▶ **WHAT YOU HAVE TO DO**
Return every record verbatim, omitting all pictures.

(Collected data)
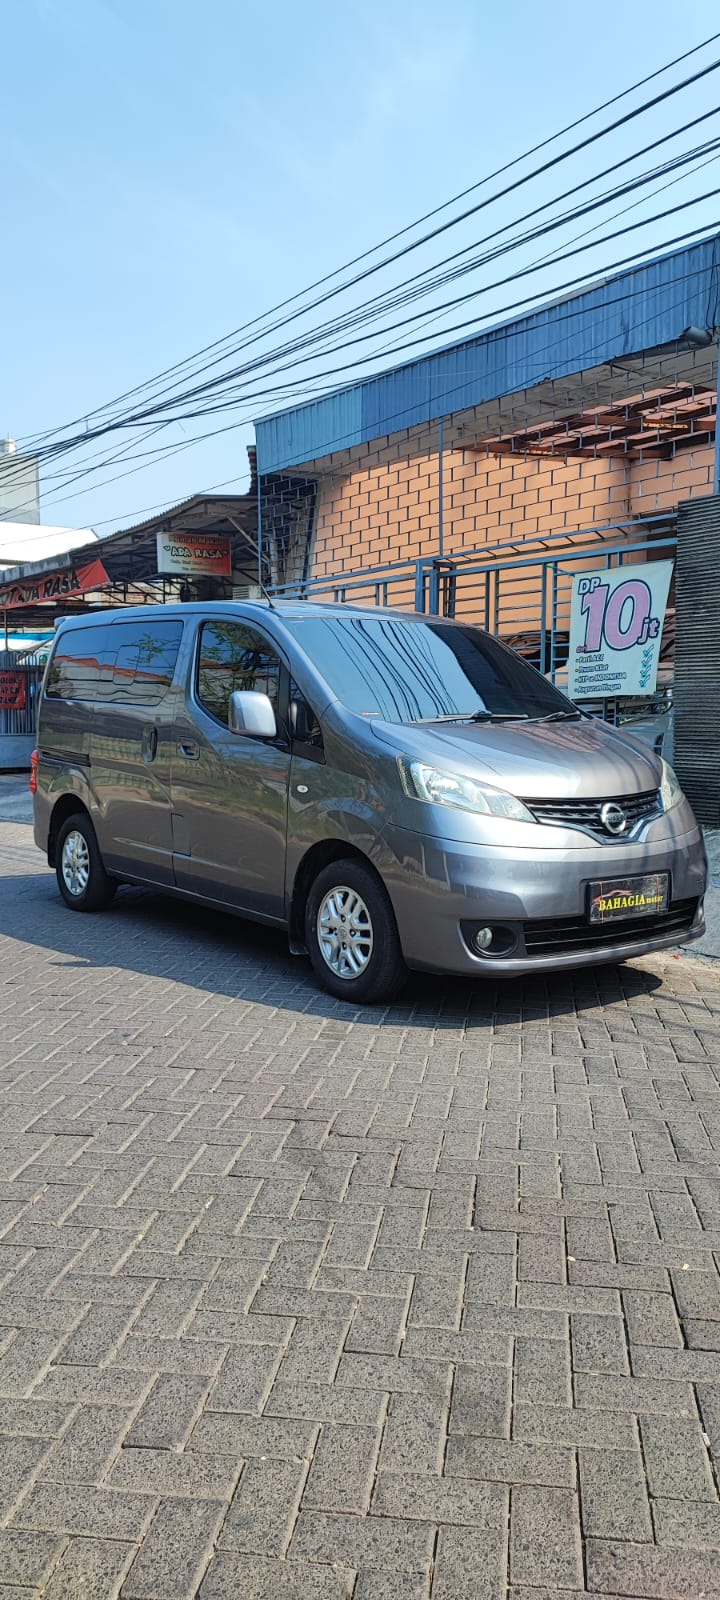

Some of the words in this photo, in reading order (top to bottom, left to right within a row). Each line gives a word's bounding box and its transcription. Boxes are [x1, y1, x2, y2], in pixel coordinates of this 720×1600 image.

[43, 567, 81, 599] RASA
[578, 577, 601, 595] DP
[594, 671, 627, 682] INDONESIA
[599, 895, 645, 911] BAHAGIA
[646, 896, 663, 904] motor

▶ **WRITTEN ANSWER**
Some of the words in this photo, in reading order (top to bottom, left to right within a row). Each line gives a word's bounding box and its transcription. Boxes are [x1, y1, x2, y2], in pixel coordinates of this 720×1600 image.

[43, 567, 81, 599] RASA
[578, 577, 601, 595] DP
[594, 671, 627, 682] INDONESIA
[599, 895, 645, 911] BAHAGIA
[646, 896, 663, 904] motor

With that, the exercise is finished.